別のところでまたこの本に触れることがあり、2度も目にしたからには読まねばとようやく手に取りました。
この本、文語体なのです。現代文であれば、行間からにじみ出る文章の著者の息吹を感じられると自負していますが、文語体だとてんでさっぱり。
もっと古文に親しんでいれば良かったと思います。
それでもなお、勢いのある強い文章だと感じました。
触りの、あまりに凄まじい体験のところだけ、ようやく読みました。
江戸時代や、サムライジャパンなどと言って、武士を見直す風潮があると感じていますが、平和ボケしている私のような現代人とは思いもよらない、強い精神力があったのではないかとつくづく思います。その力強さを作っていた何かを感じられるような本と言えます。
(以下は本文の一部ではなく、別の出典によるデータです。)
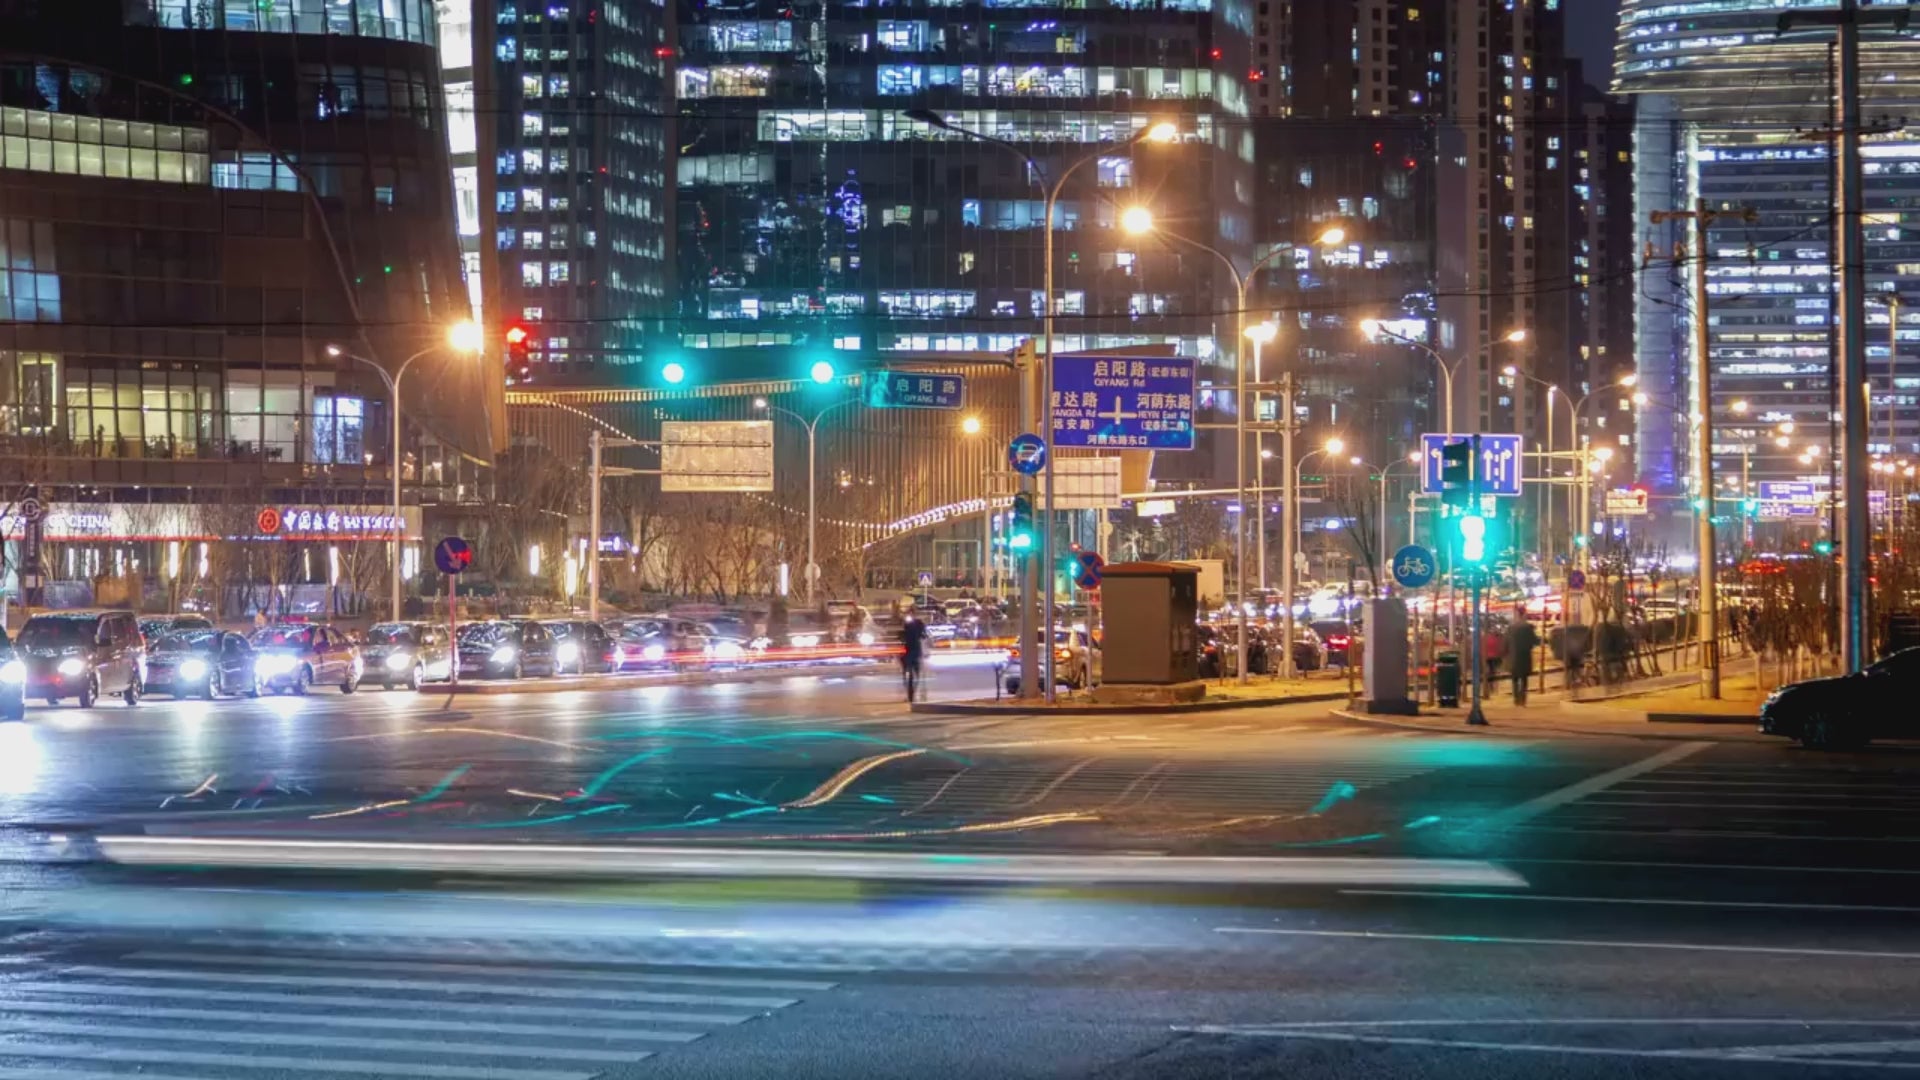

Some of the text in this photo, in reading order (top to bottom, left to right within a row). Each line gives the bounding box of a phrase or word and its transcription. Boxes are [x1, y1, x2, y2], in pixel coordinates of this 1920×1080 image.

[1094, 361, 1145, 377] 启阳路
[895, 379, 955, 394] 启阳路
[1094, 379, 1146, 387] QIYANG Rd
[1137, 393, 1191, 409] 河荫东路
[1053, 409, 1096, 417] ANGDA Rd
[1162, 411, 1177, 419] East
[1180, 411, 1190, 419] Rd
[69, 515, 112, 528] CHINA
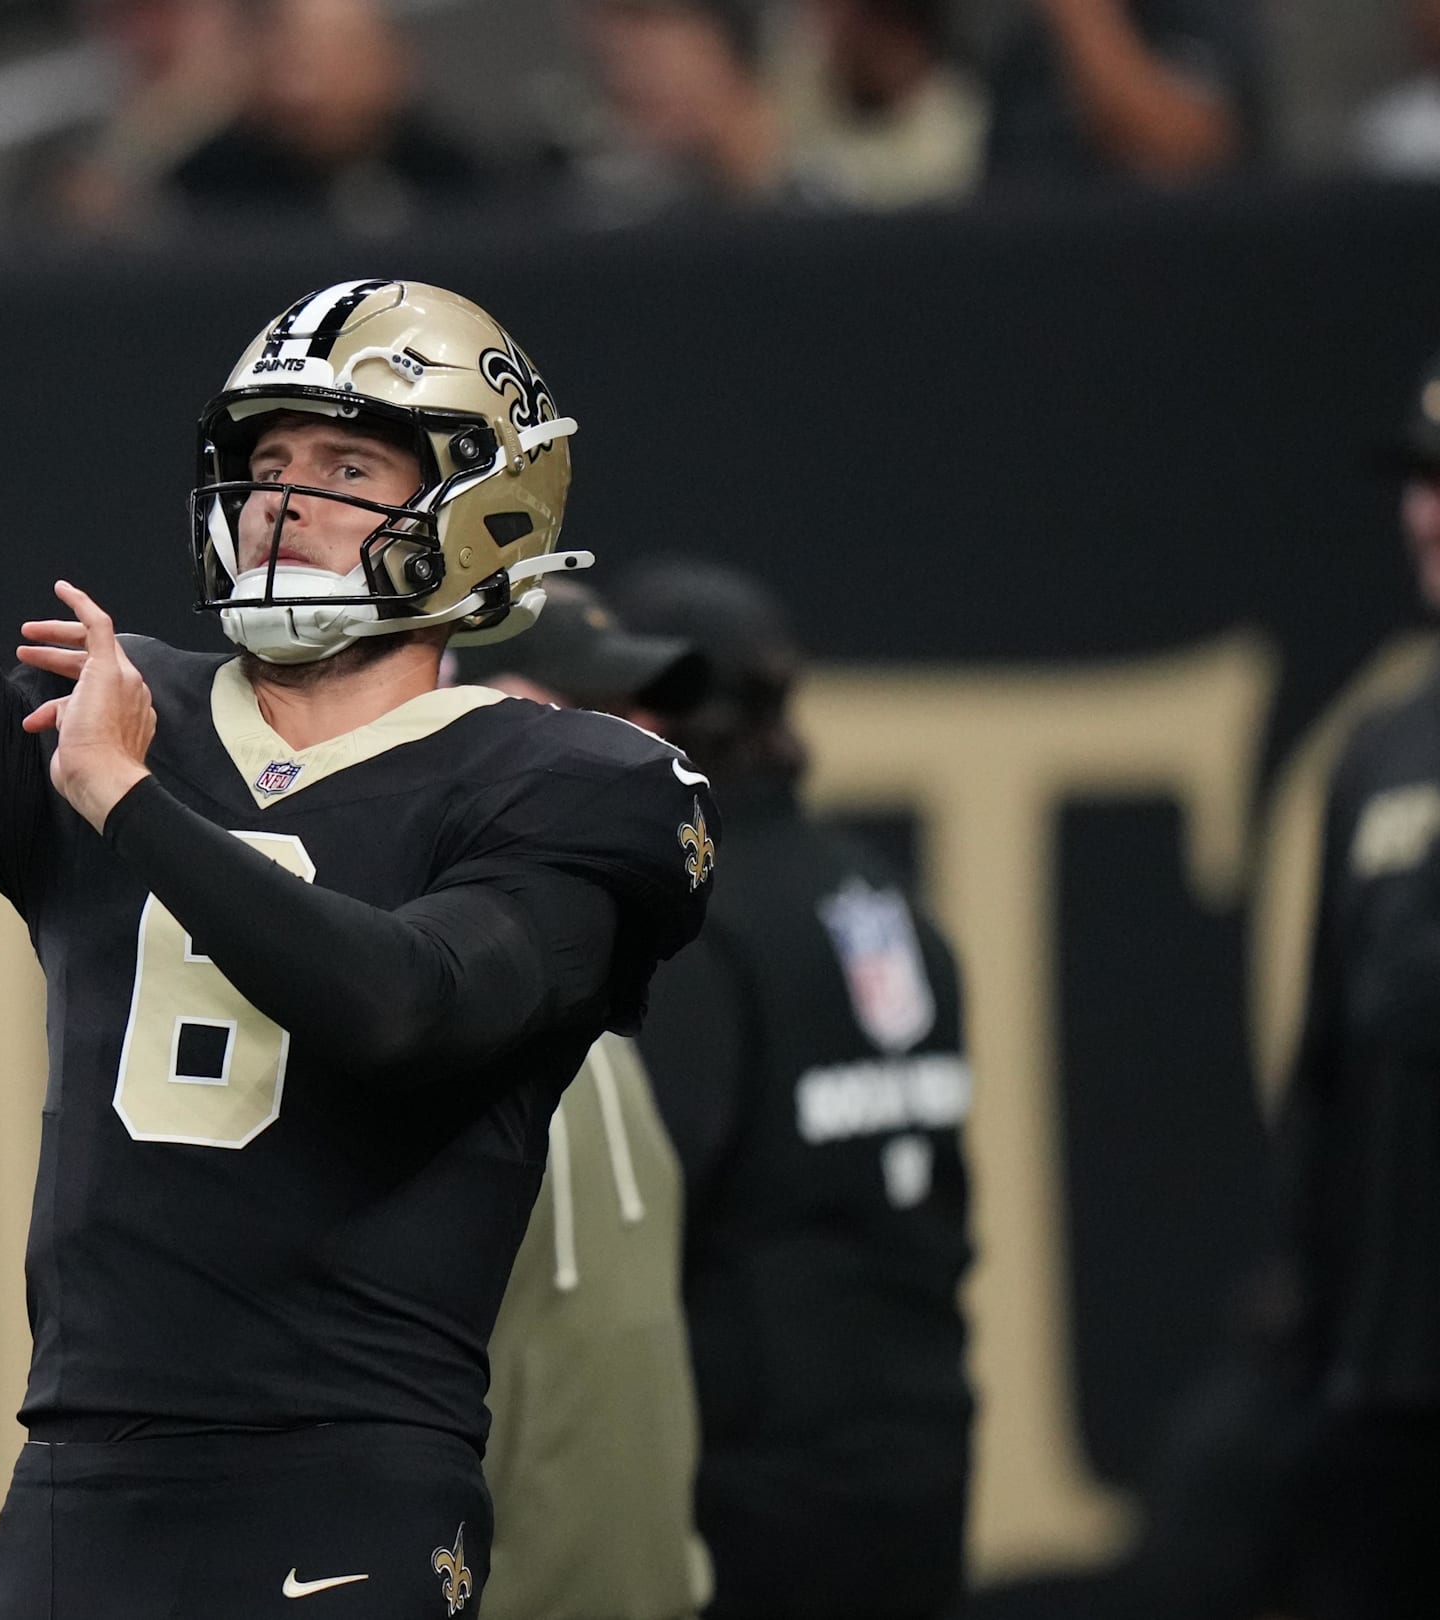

柴五郎という人は、会津藩士の子として生まれます。会津若松城落城した時に、退去を拒んだ祖母、母、兄嫁、姉妹の全てを失います。それも自刃によって。
男子は家名を雪げと、戦に役に立たぬ女子は兵糧無駄にするなかれと自ら死ぬというのは、どういう世界観でしょう。
明治元年は1868年なのですね。150年前までは、武士であれば当たり前な世界観の中で、その一族の女性達の死を背負って生きた人の記録の本、読み応えがあります。